Postby Adam Blake » Tue May 08, 2012 2:18 pm

As a guitar teacher I have a frequently recurring problem with Led Zeppelin which isn't as simple as you might think.

On the face of it, it's straight-forward enough: any number of spotty youths want to learn to play "Stairway To Heaven". If they're prepared to put the work in, I can make this happen for them. Like any old whore I think of the money and get stuck in. The funny thing is, "Stairway To Heaven" is not particularly easy to play. In fact, to play it well (ie, all the way through without making any mistakes) is quite demanding. Fortunately, most of my students are content with a serviceable approximation. Mostly they just want to play The Intro and The Big Chords just before The Solo and then The Big Lick just before the vocals come back in at the end. Armed with these, it's easy enough to fake the rest of it (after all, I did, when I was 15.)

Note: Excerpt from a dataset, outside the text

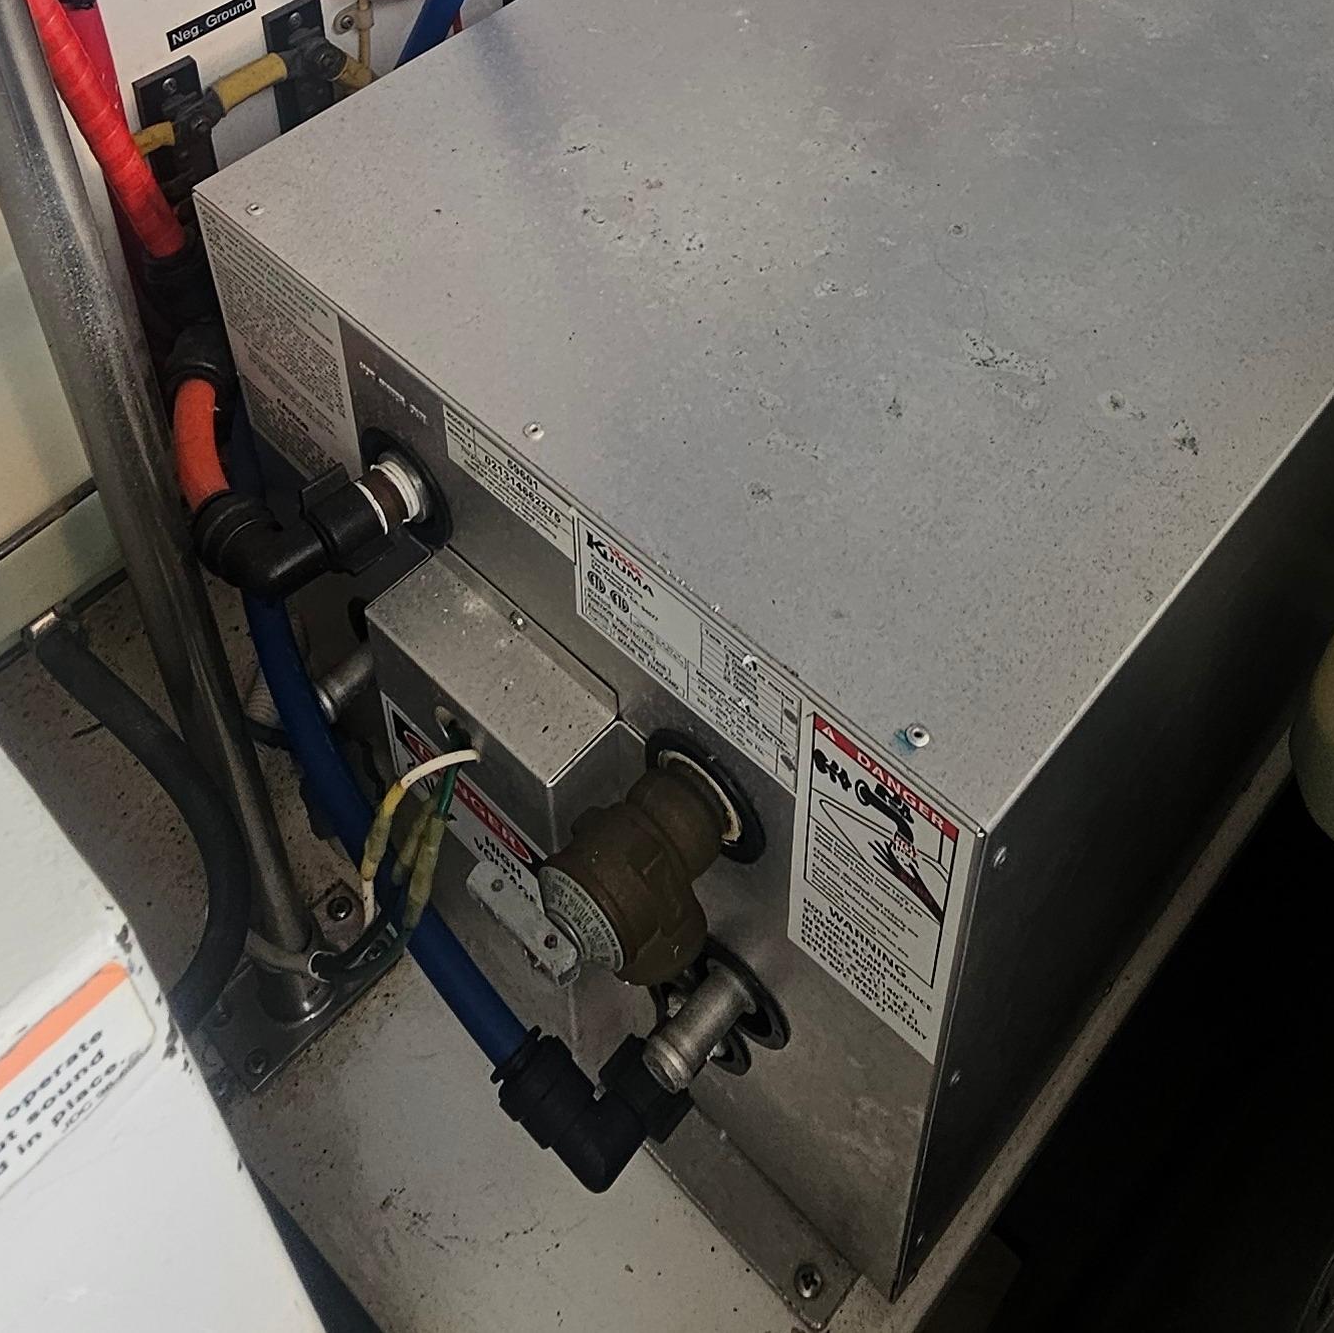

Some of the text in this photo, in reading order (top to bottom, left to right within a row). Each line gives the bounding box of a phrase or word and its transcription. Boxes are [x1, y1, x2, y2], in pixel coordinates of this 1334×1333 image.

No, my problem is the more seasoned Zeppelin fan who wants to learn things like "Heartbreaker" and "Since I've Been Lovin' You", "When The Levee Breaks", "Black Dog", "The Ocean", "Out On The Tiles" etc. etc. As I patiently explicate the monstrousness of The Riffs, I find I am enjoying myself. I try to rein it in by lecturing firmly on the theft of sources, the provenance of the blues; I poke fun at the risible Spinal Tap-ishness of it all - but this is like shooting fish in a barrel with Zeppelin and I become aware that my student sees through me, that my discourse reveals far more about me than my subject. I see through myself. I squirm. I want there to be rawwrk, I want to wear my guitar low round my knees, I want a vintage black Les Paul, I want a wall of Marshalls and a drummer who bites chunks out of brick walls for breakfast.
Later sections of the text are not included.